After a little bit of back and forth about the umbilicoplasty, I decided to not go through with it. At that time, it was for three reasons: 1. I couldn’t justify the cost. 2. I was worried that if something went wrong, I would be in a much worse situation. 3. I could just cover it up for the rest of my life. I was now 18.

I let some more time pass. I grew a little older. My relationship with my body changed. Luckily, I never realized I had a body image issue because I didn’t grow up in a community that paid a lot of emphasis on body image issues. You couldn’t comment on someone’s love handles if you didn’t see them, same went for outies and stretchmarks. I also sometimes wonder if talking about body image issues existing gives it more voice and power, but that’s a dialogue for another day. When you are naive to it all, you don’t have a lot of time to fixate on that very thing, that very inadequacy. It’s not non-existent but it’s also not as prevalent.

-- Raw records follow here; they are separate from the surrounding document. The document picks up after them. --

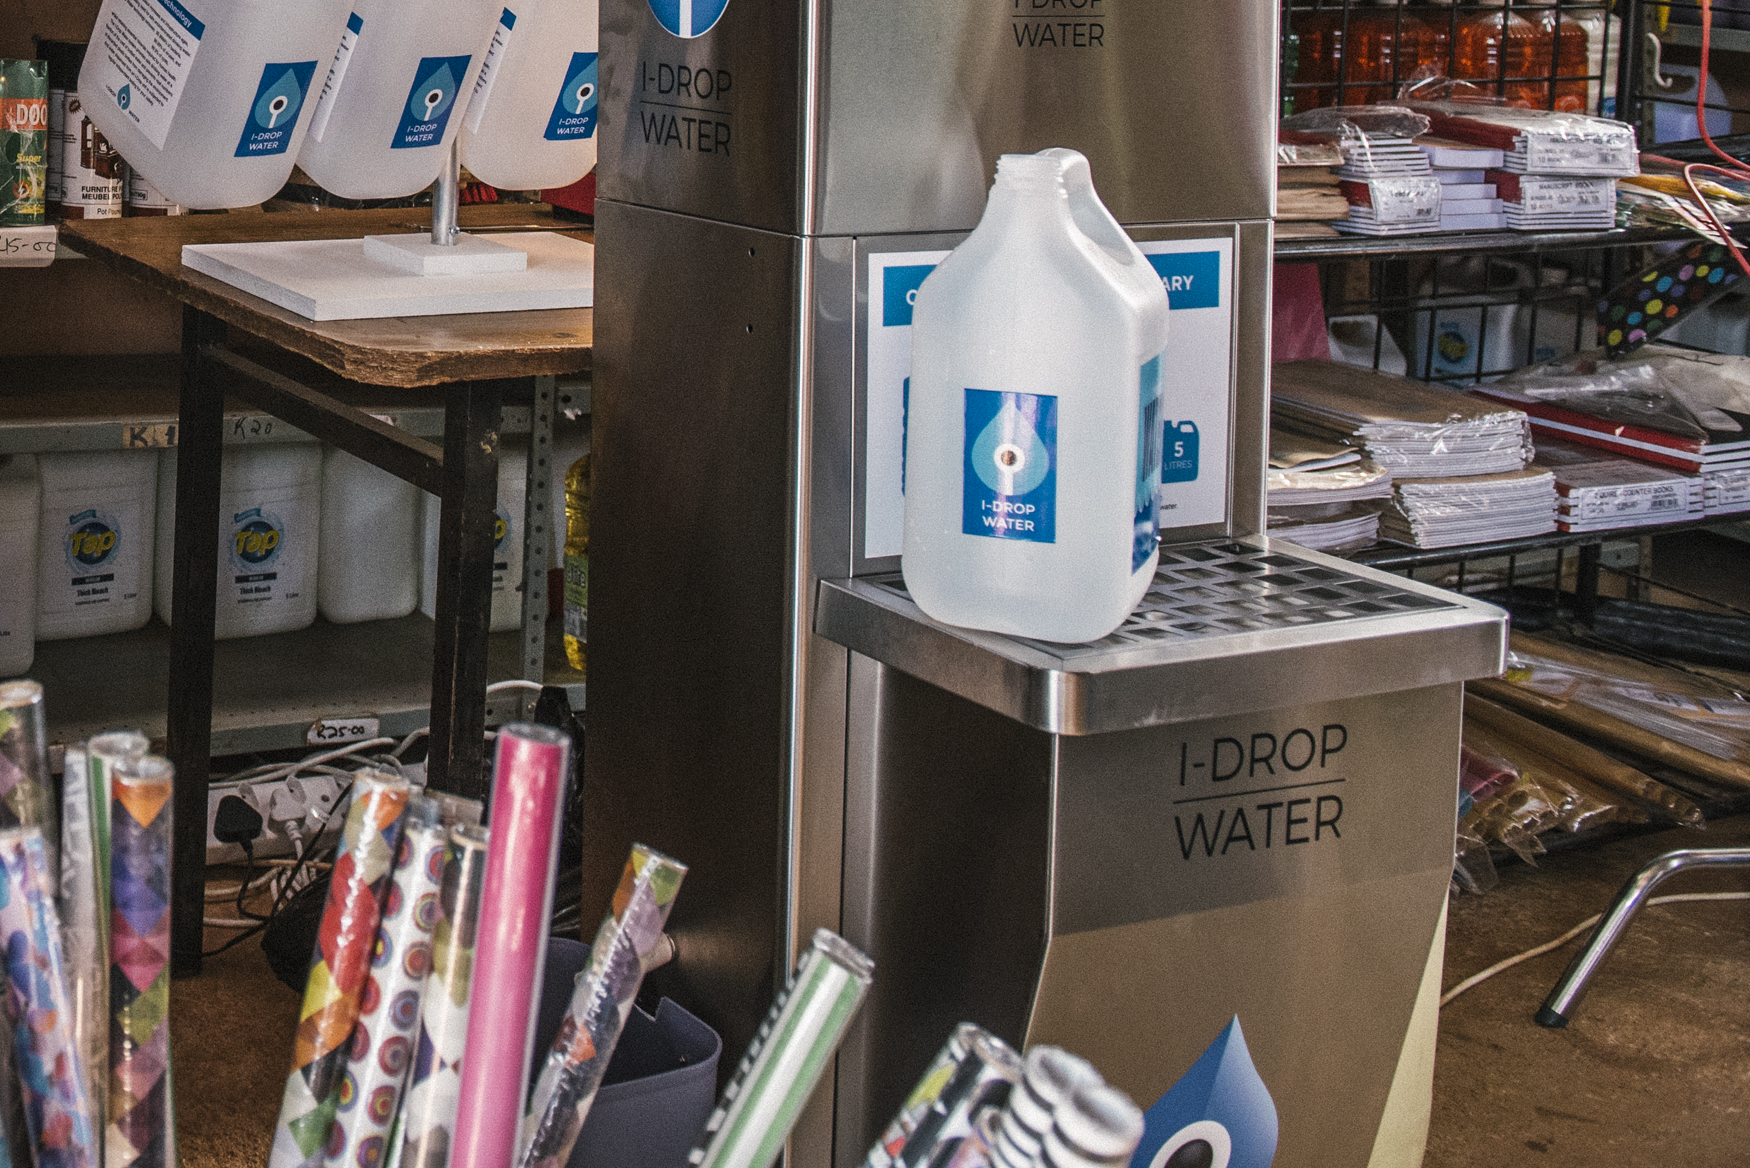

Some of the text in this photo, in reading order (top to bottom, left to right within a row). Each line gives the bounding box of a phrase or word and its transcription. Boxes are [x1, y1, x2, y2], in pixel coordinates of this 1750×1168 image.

[1012, 22, 1104, 48] WATER
[641, 60, 732, 99] I-DROP
[406, 124, 438, 134] I-DROP
[558, 117, 588, 126] I-DROP
[250, 132, 282, 142] I-DROP
[404, 134, 434, 143] WATER
[556, 126, 585, 136] WATER
[640, 110, 731, 156] WATER
[249, 141, 280, 151] WATER
[1174, 441, 1184, 458] 5
[1623, 488, 1651, 496] COUNTER
[1653, 486, 1674, 494] BOOKS
[981, 500, 1035, 516] I-DROP
[982, 516, 1035, 532] WATER
[69, 530, 116, 556] Tap
[234, 530, 280, 556] Tap
[1178, 723, 1348, 787] I-DROP
[1174, 794, 1344, 861] WATER

Throughout my 20’s, I still thought about my outie often. Sometimes I would poke it back in and look myself in the mirror and wondered what it would feel like to have an innie. I avoided bikinis as much as possible. I’m pretty sure very few of my friends have seen my belly button. I just didn’t talk about it or draw much attention to it. It lived in my mind as a defect and I tried to give it little meaning but it still nagged away at me.

Then…something changed.

I grew older. I dated people who expressed loving my outie. They gave it names, “Olivia, Moomoo”. Every name had an “O” in it, to signify it’s presence. I stopped giving disclaimers before I took my top off. I no longer said, “Hey, just an FYI — in case you haven’t seen one before, I have an outie”. Many times, I was misheard and a couple of them assumed, I was saying “Audi” because they responded with..”GREAT! That’s awesome”. It wasn’t long before they realized I didn’t own a fancy car.

I hit late 20’s. I got better at dealing with my outie. I wore bikinis. I didn’t hide in change rooms. I didn’t turn my back on other people when they walked in a room. I stopped googling clinics that would fix my “outie”.

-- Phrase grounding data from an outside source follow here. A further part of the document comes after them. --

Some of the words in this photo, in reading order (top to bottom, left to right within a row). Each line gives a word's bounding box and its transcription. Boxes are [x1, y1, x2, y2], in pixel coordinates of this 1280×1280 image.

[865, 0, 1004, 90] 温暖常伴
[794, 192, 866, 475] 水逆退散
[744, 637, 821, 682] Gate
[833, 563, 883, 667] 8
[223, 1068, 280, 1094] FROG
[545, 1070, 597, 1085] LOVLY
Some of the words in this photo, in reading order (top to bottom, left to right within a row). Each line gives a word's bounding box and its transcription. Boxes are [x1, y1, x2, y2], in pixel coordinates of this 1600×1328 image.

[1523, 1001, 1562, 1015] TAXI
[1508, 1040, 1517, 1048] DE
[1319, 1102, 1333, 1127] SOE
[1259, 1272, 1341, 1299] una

Today, I write this because I love my outie. People who love me love my outie. It’s really pretty. I am not ashamed of it. It’s a part of me. It’s not a fuck up that was my mom’s doing because she forgot to tape a coin to my belly button when I was born.

At 32, I have also realized that understanding how you view your body and to fully appreciate your body takes time. It takes years. It doesn’t happen overnight. What you can however do is self-reflect. If you have an issue with how you look or a particular part of your body, try and look back and see what those triggers are. Who said something to you that hurt? Who expects your body to be a certain way? Is it a parent, a lover, a friend? Find that link. Forgive that person. Trust me, it’s really not their fault. They are filling the gaps and their own inadequacies.

And then find the people that will love you for your imperfections. They will kiss your imperfections and admire you and your body for what it is, for what it does. And when you can fully appreciate every nook and cranny of your body for the beauty that it is, life will start to fill a lot more fuller, more beautiful and yours. It will start to feel like yours. No one else’s.